Hale, Edward Everett (1822-1909), was a Unitarian clergyman, editor, and humanitarian. He wrote many books, but only the short story “The Man Without a Country” (1863) has remained well known. It is the story of a young Army officer, Philip Nolan, who exclaimed during his trial by court-martial that he wished he would never hear of the United States again. Nolan was put on a ship with instructions that no one was ever again to give him any news of his own land. But before he died, he redeemed himself and begged for reconciliation with his country. Hale’s story caused such a sensation that many people failed to realize that it was fiction. It has been said that Hale’s formula in his stories was to take an impossible situation and make it appear probable by simplicity and directness.
Hale was born on April 3, 1822, in Boston, son of Nathan Hale, first editor of the Boston Daily Advertiser, and grandnephew of Nathan Hale, the Revolutionary War hero (see Hale, Nathan). As a youngster, he wrote stories and printed them. He also published a small newspaper which he circulated among his relatives and neighbors.
Hale graduated from Harvard College when he was 17. He became pastor of the Church of the Unity, in Worcester, Massachusetts, in 1846. He moved 10 years later to the South Congregational Church in Boston and stayed there for 43 years.

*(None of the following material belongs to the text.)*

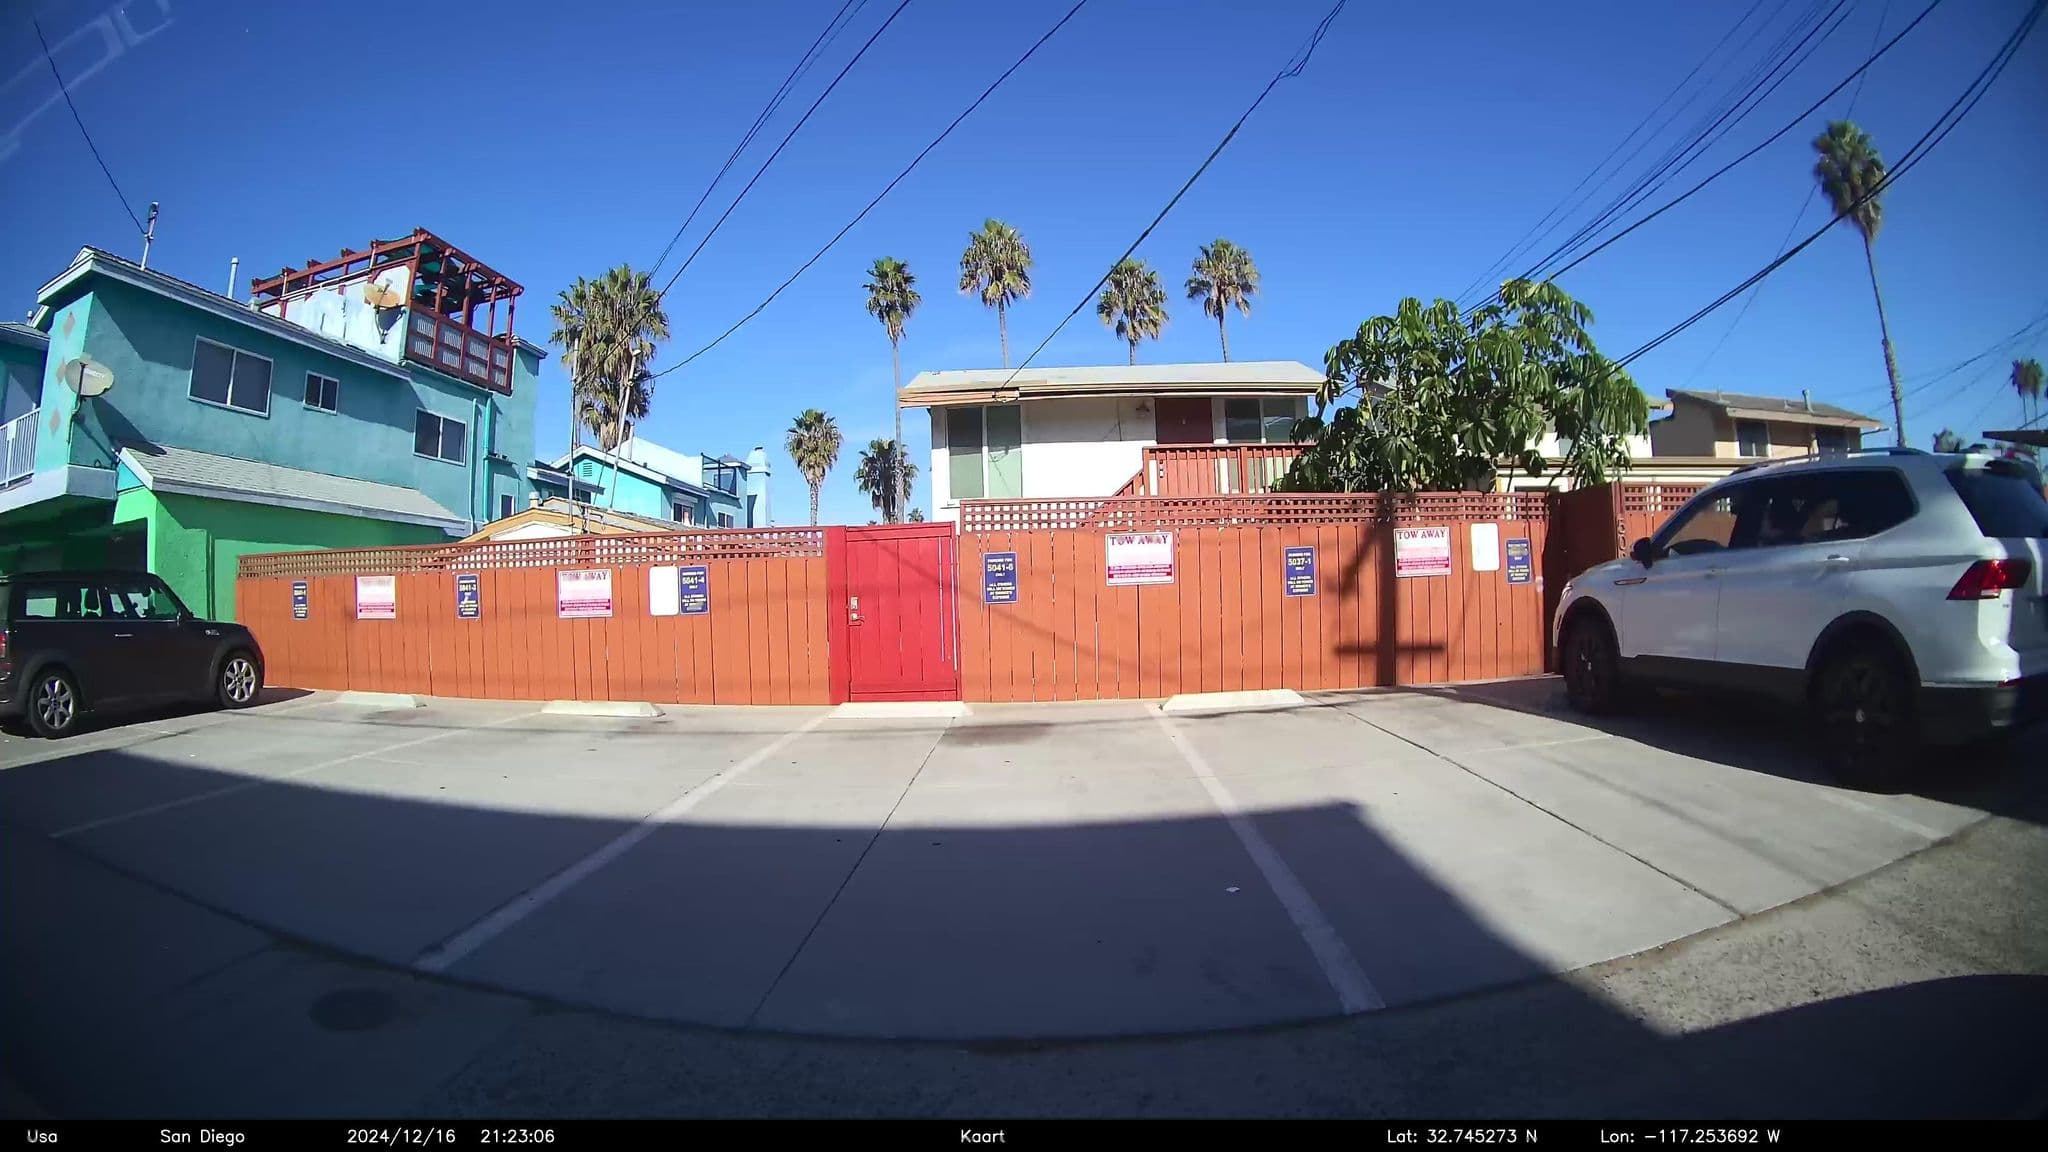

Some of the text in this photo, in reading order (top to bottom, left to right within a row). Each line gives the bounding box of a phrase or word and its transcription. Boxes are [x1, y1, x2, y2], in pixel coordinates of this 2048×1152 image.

[1110, 534, 1168, 546] TOW AWAY
[1397, 529, 1446, 540] TOW AWAY
[1287, 557, 1312, 566] 5037-1

His works include A New England Boyhood (1893) and the story “My Double, and How He Undid Me” (1859). He himself thought his best book was the novel In His Name (1873). Hale edited a monthly magazine, Old and New, for five years, and worked for the New England Emigrant Aid Society. He was a leader in the Lend-a-Hand charity movement, whose motto was “Look up and not down, look forward and not back, look out and not in, lend a hand.” Hale died on June 10, 1909.